Difference between revisions of "License Clearance Tool - Description and Documentation"

Revision as of 11:46, 22 December 2021

lct.ni4os.eu

Purpose

This tool is the output for Task T4.4 that aims to mainstream concrete certification standards, tools and mechanisms for open research data management and certification schemes for data repositories, aligning with activities and results of INFRAEOSC-5c. It targets both data-intensive RDM (through cloud compute) and the curation and handling of the long tail of science with the aim of establishing consolidated models of RDM activities in the target countries. Building on the work undertaken in T4.2 and T4.3, this task delivers a certification tool for supporting trustworthiness of repositories and ensuring their FAIRness in a standardised and interoperable fashion, with the objective to support the onboarding of repositories to EOSC.

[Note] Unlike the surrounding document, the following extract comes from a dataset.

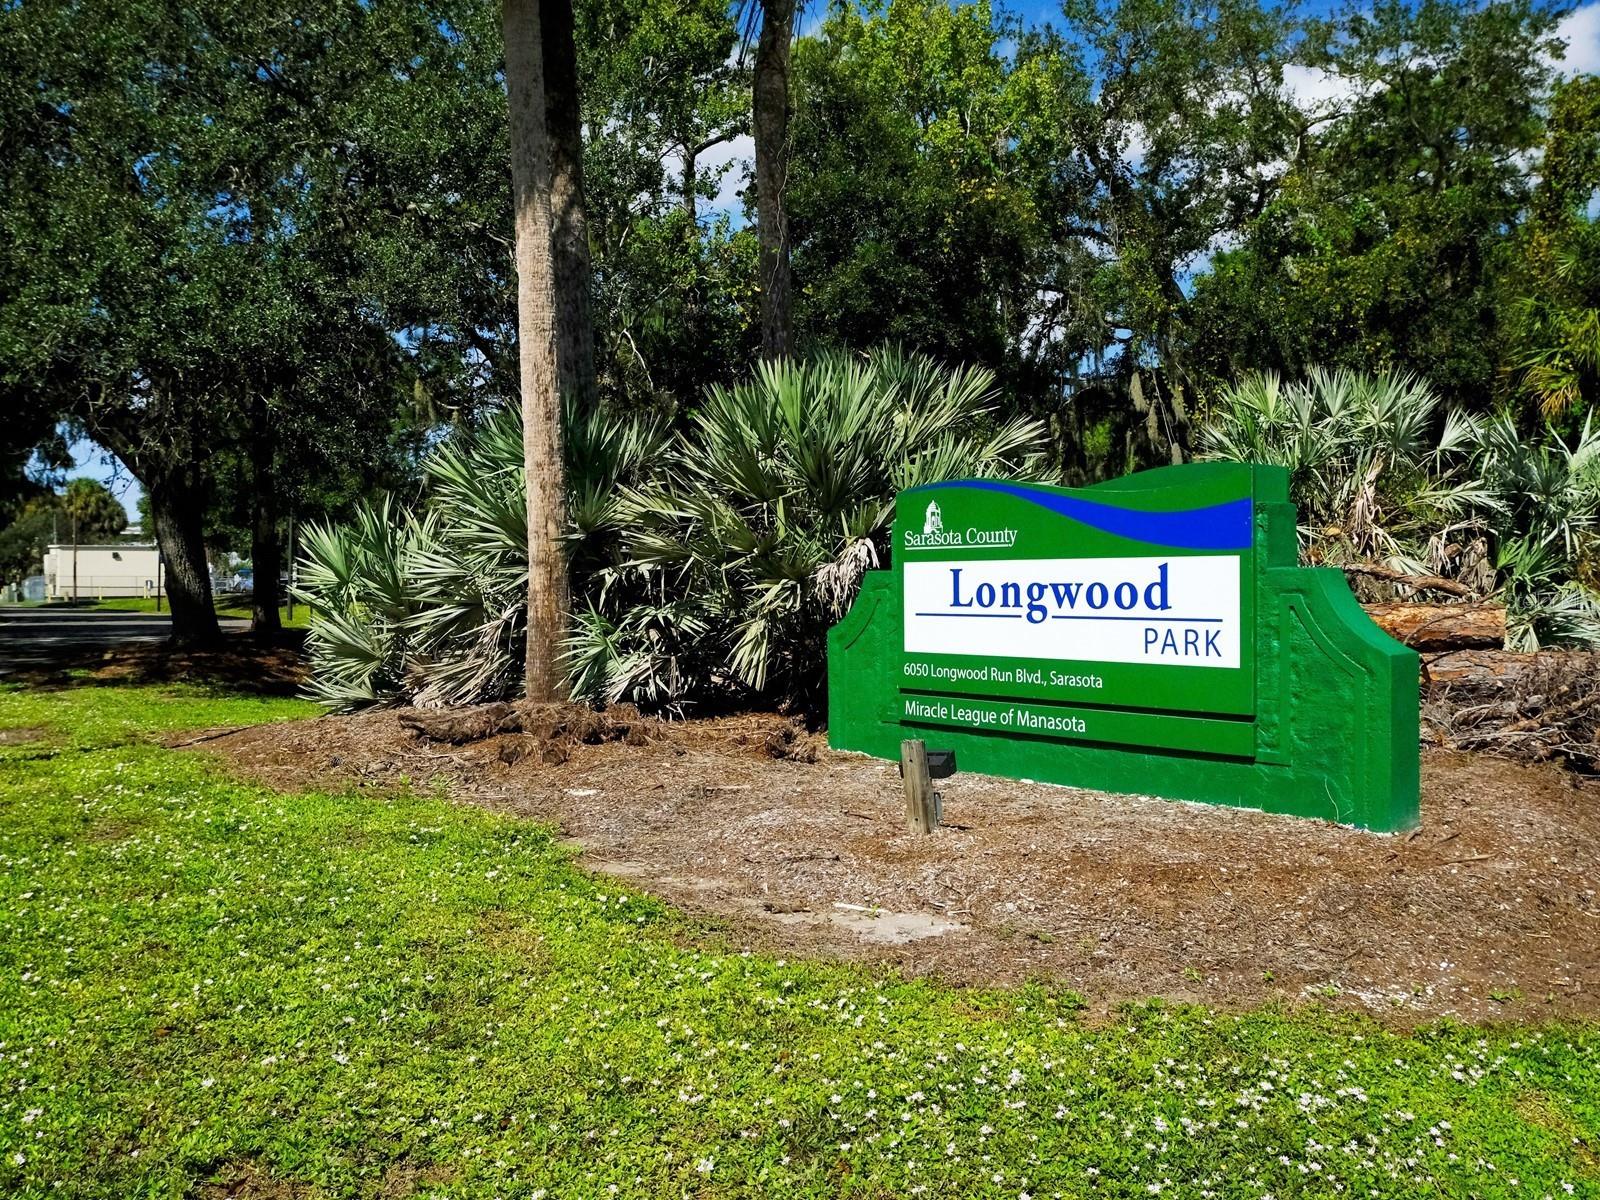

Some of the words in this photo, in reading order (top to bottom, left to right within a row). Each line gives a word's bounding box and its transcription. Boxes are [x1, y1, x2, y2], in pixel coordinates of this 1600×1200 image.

Newly produced datasets, but mostly the creation of derivative data or media works, i.e. for purposes like content creation, service delivery or process automation, is often accompanied by legal uncertainty about usage rights and high costs in the clearance of licensing issues. NI4OS-Europe, with the "License Clearance Tool" - LCT (https://lct.ni4os.eu/), aims to facilitate and automate the clearance of rights (copyright) for datasets, media, software that are to be cleared before they are publicly released under an open licence and/or stored at a publicly trusted FAIR repository. It will additionally allow the crowdsourced documentation of the clearance process. Main aspects of the tool include:

Clearance not bound to the user that initiated the procedure, so it can be started and finished by different users.
Potentially include crowdsourced clearance.
Clearance metadata will be an open-source resource.
Provides equivalence, similarity and compatibility between licenses if used in combination, particularly for derivative works.

Intended use

The intended use of the tool is to provide a guided approach for establishing the proper open-source licence required for the creation of a new (or synthetic) dataset, media, software etc. or for the re-use of existing unlicensed content. The procedure takes into account many potential data (media, software) managers (users initiating or completing a clearance procedure). Potential users may be researchers and research organisations.

Background: Legal aspects

The License Clearance Tool (LCT) comes as a response to the increased demand for providing technical solutions to address legal aspects in FAIR and ORDM. It is, thus, intended to support researchers to publish in FAIR/open modes. As such, the tool development has been preceded by extended legal search and analysis of most used licensing schemes. These have been put in a matrix, so as to allow the comparison "all with all" and unveil compatible and conflicting licenses. The first version of the tool provides guidance for existing standard open-source licenses only. The matrix, however, is continuously expanded and also includes custom licenses. The comparison of "standard to custom" and "custom to custom" poses a challenge for both: the analysis of the compatibility of licenses, but also the technical deployment of the solution. For this reason, the results of this activity are not included in the "proof of concept" version of the tool but will be implemented in the following ones.

Service Workflows

Two main workflows are foreseen. These are following the two possible usage scenarios the application covers and considered to be the most needed.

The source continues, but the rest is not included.